What you need to do: Transcribe, exactly and in full, every record shown below, while omitting its images.

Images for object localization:
+ + + +
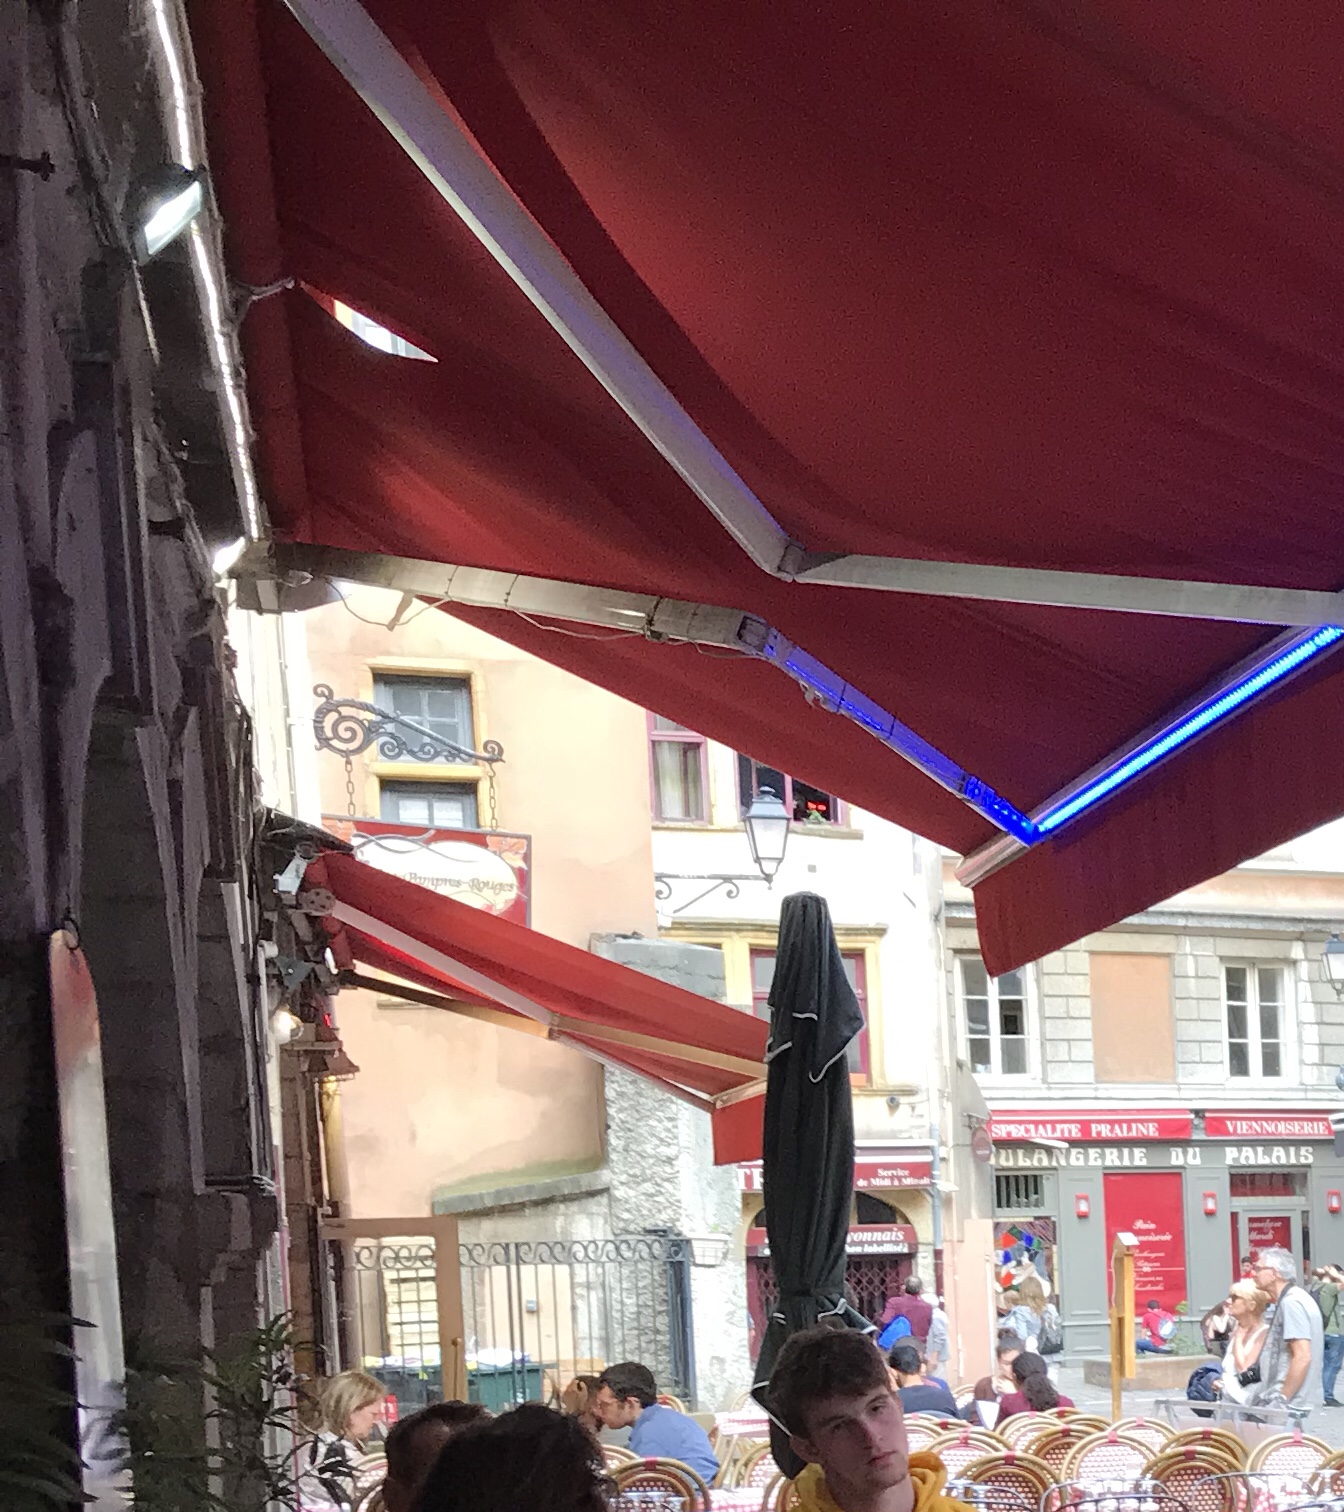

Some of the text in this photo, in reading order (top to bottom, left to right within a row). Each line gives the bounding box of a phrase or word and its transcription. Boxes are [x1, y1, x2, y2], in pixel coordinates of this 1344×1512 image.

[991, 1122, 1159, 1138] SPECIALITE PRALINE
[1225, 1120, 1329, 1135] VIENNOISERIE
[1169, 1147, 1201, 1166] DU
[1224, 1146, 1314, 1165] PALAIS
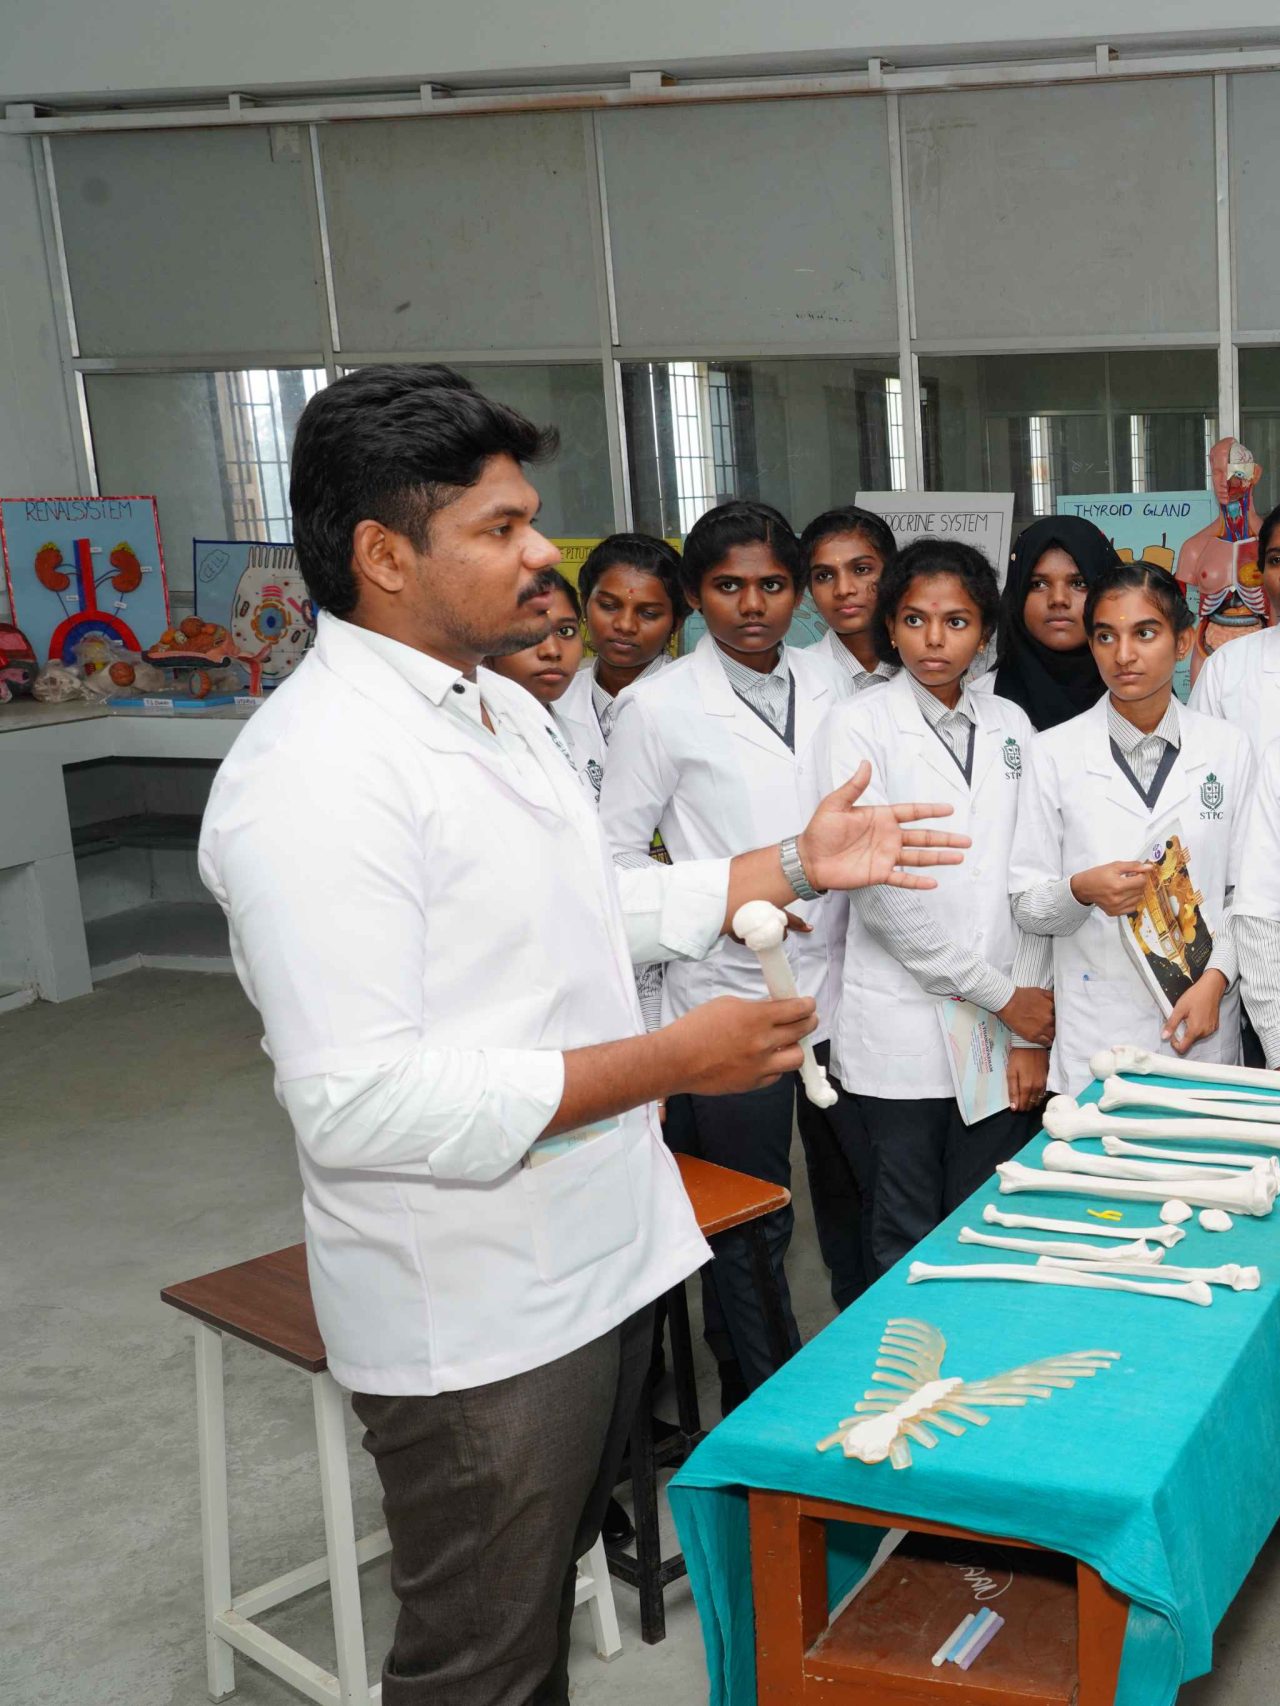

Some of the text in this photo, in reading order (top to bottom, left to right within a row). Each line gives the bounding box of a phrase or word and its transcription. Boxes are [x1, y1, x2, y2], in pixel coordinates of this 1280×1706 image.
+ + + +
Exercise result:
Some of the text in this photo, in reading order (top to bottom, left to right within a row). Each line gives the bounding box of a phrase or word and its transcription. Boxes are [x1, y1, x2, y2], in pixel coordinates of this 1344×1512 image.

[991, 1122, 1159, 1138] SPECIALITE PRALINE
[1225, 1120, 1329, 1135] VIENNOISERIE
[1169, 1147, 1201, 1166] DU
[1224, 1146, 1314, 1165] PALAIS

Some of the text in this photo, in reading order (top to bottom, left to right within a row). Each line gives the bounding box of a phrase or word and its transcription. Boxes are [x1, y1, x2, y2], in pixel coordinates of this 1280×1706 image.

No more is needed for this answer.